Dark Africa

Dark Africa

africantodaypollutionAfrica is growing darker than ever.

Recently Kenya joined Rwanda and Morocco in banning plastic bags. The Ministry’s announcement cited numerous reasons, including the UN “Clean Seas’ initiative. But while this strikes a westerner as environmentally revolutionary, it’s little more than window dressing a far more serious problem.

“As soon as I set foot in Rwanda from neighboring Uganda, it struck me. It’s clean,” wrote a Guardian newspaper journalist after landing in Kigali. That’s the point. It looks clean.

Several years ago scientific studies began sounding the alarm on escalating environmental damage, especially pollution throughout Africa.

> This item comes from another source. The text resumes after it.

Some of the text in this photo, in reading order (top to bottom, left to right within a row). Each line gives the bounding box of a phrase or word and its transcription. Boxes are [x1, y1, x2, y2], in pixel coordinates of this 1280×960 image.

Only two years after that Guardian newspaper’s praise for Rwanda’s ban on plastic bags, they published “Air pollution more deadly in Africa than malnutrition or dirty water.”

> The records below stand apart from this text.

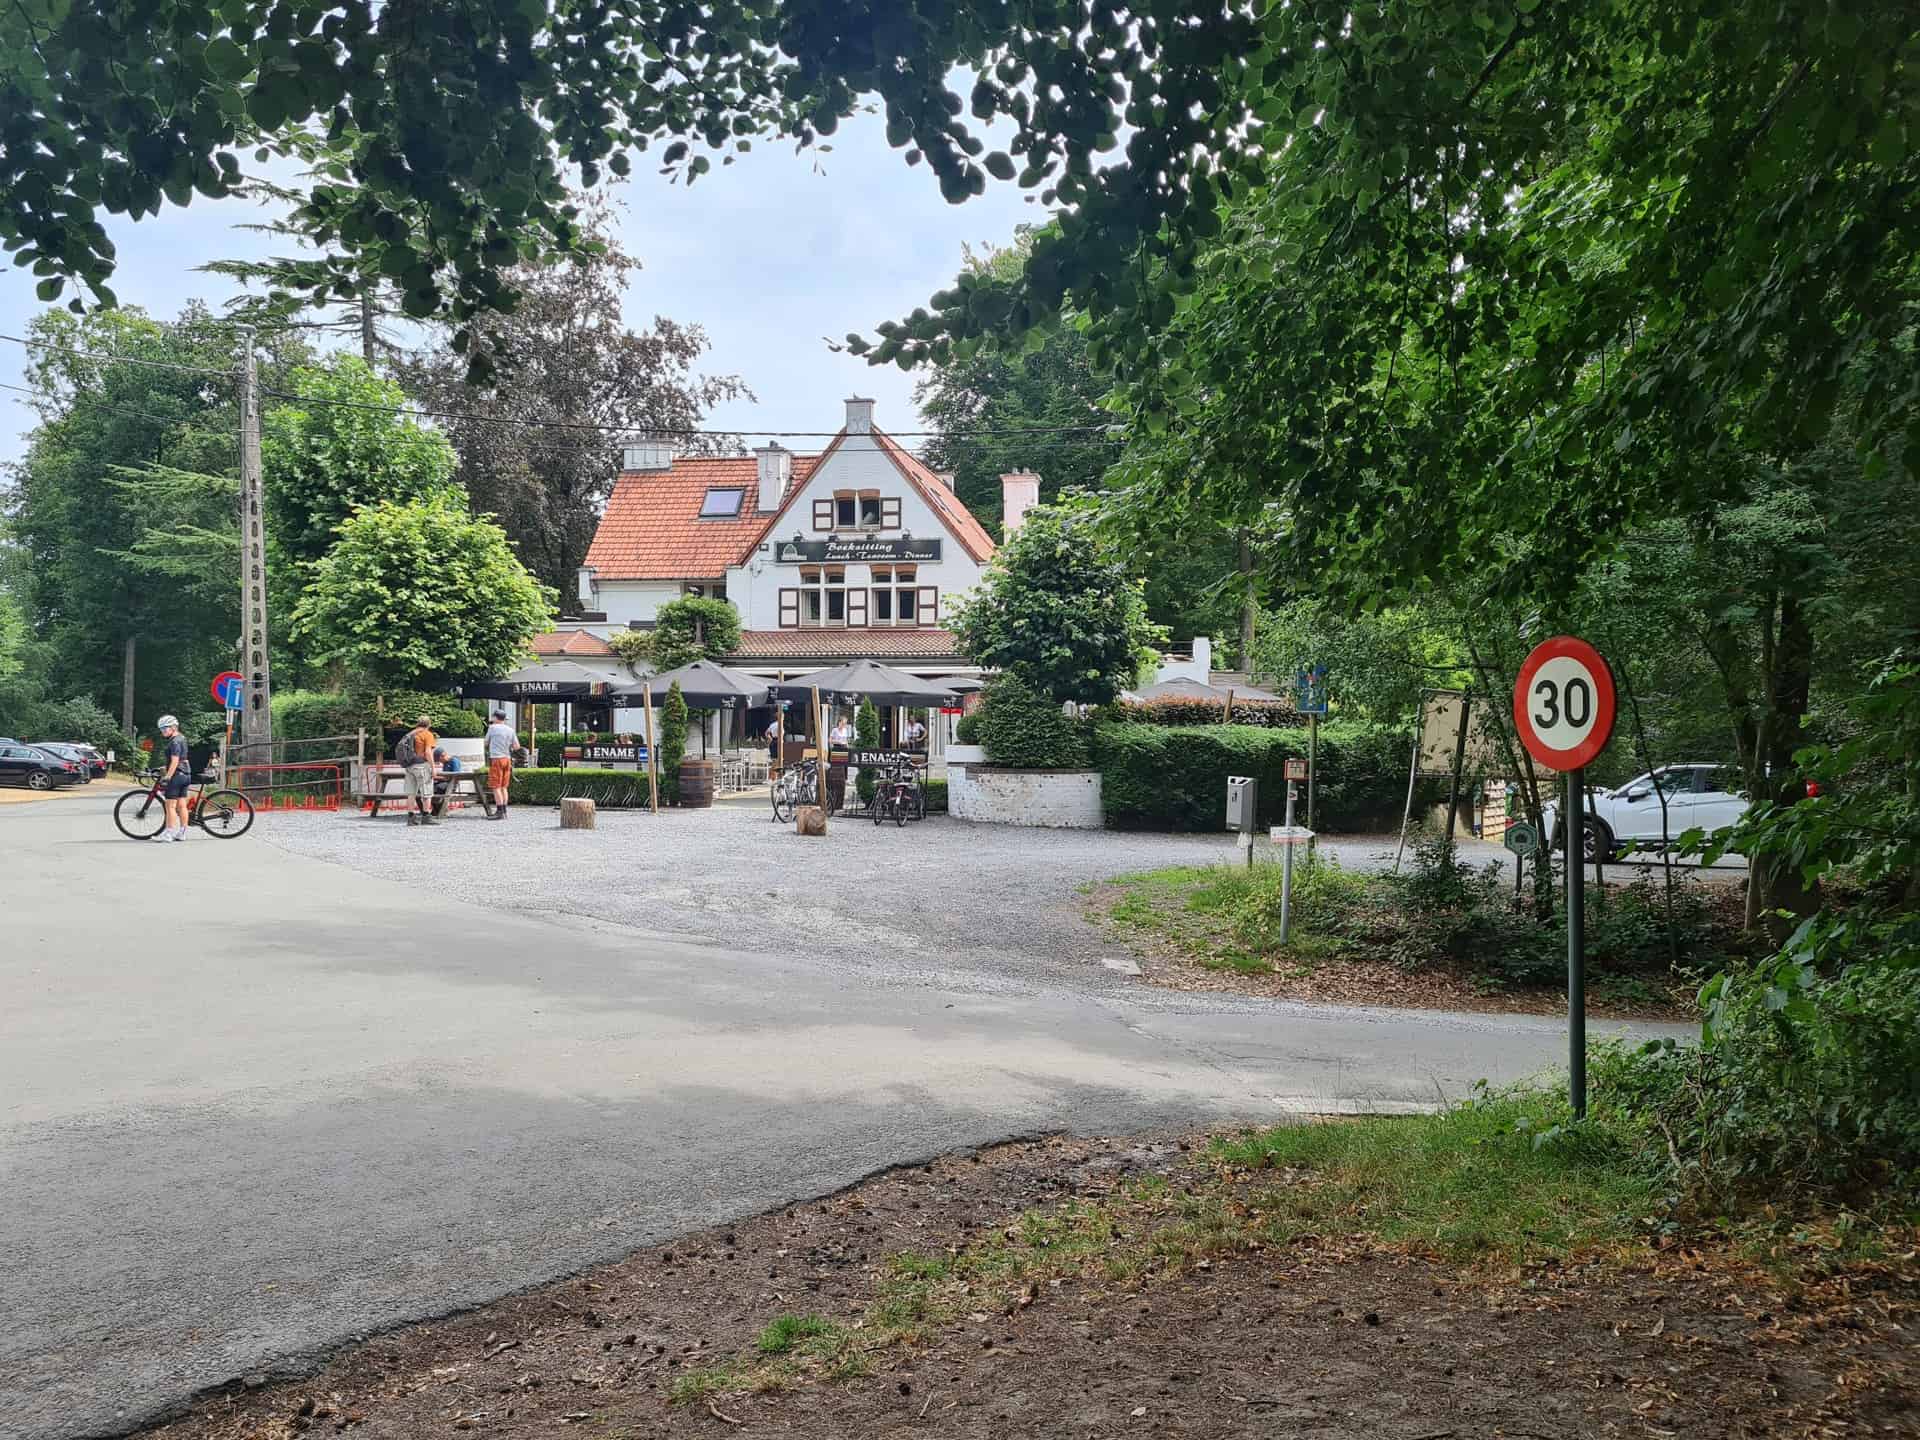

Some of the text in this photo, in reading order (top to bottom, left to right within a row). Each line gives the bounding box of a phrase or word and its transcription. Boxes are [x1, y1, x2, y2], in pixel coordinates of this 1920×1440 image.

[824, 552, 850, 560] Lunch
[903, 551, 933, 559] Dinner
[521, 682, 559, 691] ENAME
[1534, 677, 1590, 729] 30
[593, 747, 635, 757] ENAME

In just the last few months the OECD reported African air pollution threatened Africans more than any other environmental hazard, several scientific groups warned that Africa’s pollution is about to overtake China’s, and CNN compiled several studies to report that Nigeria may be the most polluted country on earth.

Banning plastic bags is better than not banning plastic bags, and it sets the stage for very pretty pictures. But as someone who has several times overnighted in Nairobi this year, I can assure you that toxicity is often something you can’t photograph.

I remember walking down a residential side street to the National Museum only a few months ago on what was a gloriously beautiful day. It was warm and breezy and I was impressed with the attempts that residents had made with flower boxes and flowering bushes.

But suddenly I had a flashback to a similar walk in the L.A. zoo in the 1980s.

My upper chest was stinging, not burning, not aching … no, Jim, I said to myself, this is no heart attack. It’s pollution.

Kenya’s pollution right now comes mostly from cars, despite the fact that the government has banned cars with low emission standards, a rather revolutionary move for a developing country.

Nonetheless, the World Bank estimates the number of cars is doubling every 5-6 years.

“A minibus belches black smoke; the lorry behind it in the traffic jam billows white fumes. Eyes smart in the smog,” writes a more current Guardian reporter.

Bags and cars aren’t the harbinger doom. It’s development – necessary growth in its current form:

Kenya is about to implement a massive new railway between Nairobi and its coastal port of Mombasa. While it flirted with the idea of an all electric railway, the engines are already in the country, and they burn low grade diesel.

Hydroelectricity is on the decline as water resources dry up. Solar is soaring, but on a manufacturing level remains beyond reach. Electricity in Kenya is generated by dirty oil and coal.

Massive new manufacturing campuses in multiple places around the country have virtually no restrictions on environmental waste including pollution.

Kenya and Nigeria seem to be the worst examples, but that’s simply because they’re developing the fastest. No one wants to slow development. But banning plastic bags doesn’t do the trick.